**Instructions to follow**
Take the data and return it in full. Change nothing.
- - - - - - -
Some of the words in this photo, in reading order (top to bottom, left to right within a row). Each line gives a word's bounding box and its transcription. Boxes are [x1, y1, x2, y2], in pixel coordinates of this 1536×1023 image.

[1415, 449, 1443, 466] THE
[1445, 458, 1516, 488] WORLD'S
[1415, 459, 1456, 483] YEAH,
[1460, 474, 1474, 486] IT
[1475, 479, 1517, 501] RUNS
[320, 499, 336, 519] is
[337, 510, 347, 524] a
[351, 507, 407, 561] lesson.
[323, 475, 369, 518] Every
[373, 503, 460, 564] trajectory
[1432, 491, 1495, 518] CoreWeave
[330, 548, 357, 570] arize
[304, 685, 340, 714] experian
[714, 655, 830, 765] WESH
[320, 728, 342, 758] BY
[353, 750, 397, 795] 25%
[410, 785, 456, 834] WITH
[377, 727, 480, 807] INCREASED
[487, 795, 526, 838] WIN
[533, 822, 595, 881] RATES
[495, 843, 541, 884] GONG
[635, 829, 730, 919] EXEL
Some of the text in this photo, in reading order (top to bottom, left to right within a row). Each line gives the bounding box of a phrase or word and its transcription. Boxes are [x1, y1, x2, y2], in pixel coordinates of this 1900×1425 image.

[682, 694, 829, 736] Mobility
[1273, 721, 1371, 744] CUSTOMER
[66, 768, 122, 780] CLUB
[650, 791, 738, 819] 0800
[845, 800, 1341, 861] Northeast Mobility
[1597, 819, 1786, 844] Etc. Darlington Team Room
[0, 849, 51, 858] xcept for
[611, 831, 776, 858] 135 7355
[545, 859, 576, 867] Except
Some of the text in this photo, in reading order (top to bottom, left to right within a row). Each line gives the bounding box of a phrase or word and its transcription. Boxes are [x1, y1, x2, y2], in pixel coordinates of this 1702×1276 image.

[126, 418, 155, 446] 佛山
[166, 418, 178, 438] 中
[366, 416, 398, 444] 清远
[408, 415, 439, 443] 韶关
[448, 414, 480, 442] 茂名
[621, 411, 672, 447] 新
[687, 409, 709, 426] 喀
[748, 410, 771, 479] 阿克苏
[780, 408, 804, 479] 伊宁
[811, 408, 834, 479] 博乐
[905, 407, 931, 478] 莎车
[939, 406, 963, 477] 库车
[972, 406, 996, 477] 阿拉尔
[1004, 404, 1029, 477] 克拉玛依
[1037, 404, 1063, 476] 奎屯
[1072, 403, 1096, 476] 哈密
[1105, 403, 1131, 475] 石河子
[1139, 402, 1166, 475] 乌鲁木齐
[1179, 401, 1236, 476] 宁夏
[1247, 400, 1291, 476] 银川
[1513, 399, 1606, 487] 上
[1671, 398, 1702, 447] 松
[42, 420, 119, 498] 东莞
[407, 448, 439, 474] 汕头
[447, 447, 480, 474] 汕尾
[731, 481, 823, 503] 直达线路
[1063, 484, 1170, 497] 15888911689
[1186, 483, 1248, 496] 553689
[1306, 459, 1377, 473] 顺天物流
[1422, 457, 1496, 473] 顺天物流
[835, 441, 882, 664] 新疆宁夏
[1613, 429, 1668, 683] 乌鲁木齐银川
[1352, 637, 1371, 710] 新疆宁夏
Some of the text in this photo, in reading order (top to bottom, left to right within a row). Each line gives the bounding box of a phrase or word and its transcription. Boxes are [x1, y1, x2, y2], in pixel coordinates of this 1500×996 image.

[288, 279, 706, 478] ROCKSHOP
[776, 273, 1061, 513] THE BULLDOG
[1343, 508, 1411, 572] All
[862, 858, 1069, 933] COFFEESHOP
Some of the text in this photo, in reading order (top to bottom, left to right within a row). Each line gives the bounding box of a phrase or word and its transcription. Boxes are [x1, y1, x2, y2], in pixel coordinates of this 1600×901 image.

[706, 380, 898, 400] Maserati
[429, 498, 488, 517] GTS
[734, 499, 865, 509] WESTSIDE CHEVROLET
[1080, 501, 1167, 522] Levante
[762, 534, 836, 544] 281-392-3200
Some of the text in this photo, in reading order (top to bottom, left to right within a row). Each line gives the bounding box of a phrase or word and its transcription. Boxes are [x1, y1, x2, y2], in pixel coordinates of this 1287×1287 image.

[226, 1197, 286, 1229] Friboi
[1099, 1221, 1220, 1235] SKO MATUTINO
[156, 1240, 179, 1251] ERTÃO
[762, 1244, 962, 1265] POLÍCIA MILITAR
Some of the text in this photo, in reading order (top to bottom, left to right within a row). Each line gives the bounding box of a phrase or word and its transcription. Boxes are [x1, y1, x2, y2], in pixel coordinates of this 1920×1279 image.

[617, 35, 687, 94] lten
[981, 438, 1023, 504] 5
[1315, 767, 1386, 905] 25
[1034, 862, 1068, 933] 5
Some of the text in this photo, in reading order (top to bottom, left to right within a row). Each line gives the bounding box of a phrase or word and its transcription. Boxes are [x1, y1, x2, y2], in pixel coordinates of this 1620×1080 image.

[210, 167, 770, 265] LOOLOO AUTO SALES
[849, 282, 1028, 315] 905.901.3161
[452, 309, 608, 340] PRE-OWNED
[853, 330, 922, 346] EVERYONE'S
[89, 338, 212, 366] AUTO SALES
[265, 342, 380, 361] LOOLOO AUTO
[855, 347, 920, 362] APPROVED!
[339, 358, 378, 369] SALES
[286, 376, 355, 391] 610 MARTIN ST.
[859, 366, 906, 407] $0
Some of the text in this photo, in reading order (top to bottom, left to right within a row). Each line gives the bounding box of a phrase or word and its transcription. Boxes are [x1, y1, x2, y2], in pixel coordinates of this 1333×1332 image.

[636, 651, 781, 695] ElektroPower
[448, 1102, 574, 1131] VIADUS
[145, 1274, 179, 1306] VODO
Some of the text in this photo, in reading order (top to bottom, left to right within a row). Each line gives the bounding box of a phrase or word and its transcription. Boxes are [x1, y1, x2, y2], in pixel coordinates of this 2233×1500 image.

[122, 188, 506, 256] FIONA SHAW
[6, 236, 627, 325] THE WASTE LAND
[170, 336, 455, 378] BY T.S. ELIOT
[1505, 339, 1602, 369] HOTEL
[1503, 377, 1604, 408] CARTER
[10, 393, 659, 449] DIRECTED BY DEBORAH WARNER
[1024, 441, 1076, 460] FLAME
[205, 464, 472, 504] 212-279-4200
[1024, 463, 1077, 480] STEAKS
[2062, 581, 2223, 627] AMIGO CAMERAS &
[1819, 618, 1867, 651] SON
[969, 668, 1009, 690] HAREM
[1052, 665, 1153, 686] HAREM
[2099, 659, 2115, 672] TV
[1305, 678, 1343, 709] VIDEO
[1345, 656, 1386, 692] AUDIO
- - - - - - -
**Finished task**
Some of the words in this photo, in reading order (top to bottom, left to right within a row). Each line gives a word's bounding box and its transcription. Boxes are [x1, y1, x2, y2], in pixel coordinates of this 1536×1023 image.

[1415, 449, 1443, 466] THE
[1445, 458, 1516, 488] WORLD'S
[1415, 459, 1456, 483] YEAH,
[1460, 474, 1474, 486] IT
[1475, 479, 1517, 501] RUNS
[320, 499, 336, 519] is
[337, 510, 347, 524] a
[351, 507, 407, 561] lesson.
[323, 475, 369, 518] Every
[373, 503, 460, 564] trajectory
[1432, 491, 1495, 518] CoreWeave
[330, 548, 357, 570] arize
[304, 685, 340, 714] experian
[714, 655, 830, 765] WESH
[320, 728, 342, 758] BY
[353, 750, 397, 795] 25%
[410, 785, 456, 834] WITH
[377, 727, 480, 807] INCREASED
[487, 795, 526, 838] WIN
[533, 822, 595, 881] RATES
[495, 843, 541, 884] GONG
[635, 829, 730, 919] EXEL
Some of the text in this photo, in reading order (top to bottom, left to right within a row). Each line gives the bounding box of a phrase or word and its transcription. Boxes are [x1, y1, x2, y2], in pixel coordinates of this 1900×1425 image.

[682, 694, 829, 736] Mobility
[1273, 721, 1371, 744] CUSTOMER
[66, 768, 122, 780] CLUB
[650, 791, 738, 819] 0800
[845, 800, 1341, 861] Northeast Mobility
[1597, 819, 1786, 844] Etc. Darlington Team Room
[0, 849, 51, 858] xcept for
[611, 831, 776, 858] 135 7355
[545, 859, 576, 867] Except
Some of the text in this photo, in reading order (top to bottom, left to right within a row). Each line gives the bounding box of a phrase or word and its transcription. Boxes are [x1, y1, x2, y2], in pixel coordinates of this 1702×1276 image.

[126, 418, 155, 446] 佛山
[166, 418, 178, 438] 中
[366, 416, 398, 444] 清远
[408, 415, 439, 443] 韶关
[448, 414, 480, 442] 茂名
[621, 411, 672, 447] 新
[687, 409, 709, 426] 喀
[748, 410, 771, 479] 阿克苏
[780, 408, 804, 479] 伊宁
[811, 408, 834, 479] 博乐
[905, 407, 931, 478] 莎车
[939, 406, 963, 477] 库车
[972, 406, 996, 477] 阿拉尔
[1004, 404, 1029, 477] 克拉玛依
[1037, 404, 1063, 476] 奎屯
[1072, 403, 1096, 476] 哈密
[1105, 403, 1131, 475] 石河子
[1139, 402, 1166, 475] 乌鲁木齐
[1179, 401, 1236, 476] 宁夏
[1247, 400, 1291, 476] 银川
[1513, 399, 1606, 487] 上
[1671, 398, 1702, 447] 松
[42, 420, 119, 498] 东莞
[407, 448, 439, 474] 汕头
[447, 447, 480, 474] 汕尾
[731, 481, 823, 503] 直达线路
[1063, 484, 1170, 497] 15888911689
[1186, 483, 1248, 496] 553689
[1306, 459, 1377, 473] 顺天物流
[1422, 457, 1496, 473] 顺天物流
[835, 441, 882, 664] 新疆宁夏
[1613, 429, 1668, 683] 乌鲁木齐银川
[1352, 637, 1371, 710] 新疆宁夏
Some of the text in this photo, in reading order (top to bottom, left to right within a row). Each line gives the bounding box of a phrase or word and its transcription. Boxes are [x1, y1, x2, y2], in pixel coordinates of this 1500×996 image.

[288, 279, 706, 478] ROCKSHOP
[776, 273, 1061, 513] THE BULLDOG
[1343, 508, 1411, 572] All
[862, 858, 1069, 933] COFFEESHOP
Some of the text in this photo, in reading order (top to bottom, left to right within a row). Each line gives the bounding box of a phrase or word and its transcription. Boxes are [x1, y1, x2, y2], in pixel coordinates of this 1600×901 image.

[706, 380, 898, 400] Maserati
[429, 498, 488, 517] GTS
[734, 499, 865, 509] WESTSIDE CHEVROLET
[1080, 501, 1167, 522] Levante
[762, 534, 836, 544] 281-392-3200
Some of the text in this photo, in reading order (top to bottom, left to right within a row). Each line gives the bounding box of a phrase or word and its transcription. Boxes are [x1, y1, x2, y2], in pixel coordinates of this 1287×1287 image.

[226, 1197, 286, 1229] Friboi
[1099, 1221, 1220, 1235] SKO MATUTINO
[156, 1240, 179, 1251] ERTÃO
[762, 1244, 962, 1265] POLÍCIA MILITAR
Some of the text in this photo, in reading order (top to bottom, left to right within a row). Each line gives the bounding box of a phrase or word and its transcription. Boxes are [x1, y1, x2, y2], in pixel coordinates of this 1920×1279 image.

[617, 35, 687, 94] lten
[981, 438, 1023, 504] 5
[1315, 767, 1386, 905] 25
[1034, 862, 1068, 933] 5
Some of the text in this photo, in reading order (top to bottom, left to right within a row). Each line gives the bounding box of a phrase or word and its transcription. Boxes are [x1, y1, x2, y2], in pixel coordinates of this 1620×1080 image.

[210, 167, 770, 265] LOOLOO AUTO SALES
[849, 282, 1028, 315] 905.901.3161
[452, 309, 608, 340] PRE-OWNED
[853, 330, 922, 346] EVERYONE'S
[89, 338, 212, 366] AUTO SALES
[265, 342, 380, 361] LOOLOO AUTO
[855, 347, 920, 362] APPROVED!
[339, 358, 378, 369] SALES
[286, 376, 355, 391] 610 MARTIN ST.
[859, 366, 906, 407] $0
Some of the text in this photo, in reading order (top to bottom, left to right within a row). Each line gives the bounding box of a phrase or word and its transcription. Boxes are [x1, y1, x2, y2], in pixel coordinates of this 1333×1332 image.

[636, 651, 781, 695] ElektroPower
[448, 1102, 574, 1131] VIADUS
[145, 1274, 179, 1306] VODO
Some of the text in this photo, in reading order (top to bottom, left to right within a row). Each line gives the bounding box of a phrase or word and its transcription. Boxes are [x1, y1, x2, y2], in pixel coordinates of this 2233×1500 image.

[122, 188, 506, 256] FIONA SHAW
[6, 236, 627, 325] THE WASTE LAND
[170, 336, 455, 378] BY T.S. ELIOT
[1505, 339, 1602, 369] HOTEL
[1503, 377, 1604, 408] CARTER
[10, 393, 659, 449] DIRECTED BY DEBORAH WARNER
[1024, 441, 1076, 460] FLAME
[205, 464, 472, 504] 212-279-4200
[1024, 463, 1077, 480] STEAKS
[2062, 581, 2223, 627] AMIGO CAMERAS &
[1819, 618, 1867, 651] SON
[969, 668, 1009, 690] HAREM
[1052, 665, 1153, 686] HAREM
[2099, 659, 2115, 672] TV
[1305, 678, 1343, 709] VIDEO
[1345, 656, 1386, 692] AUDIO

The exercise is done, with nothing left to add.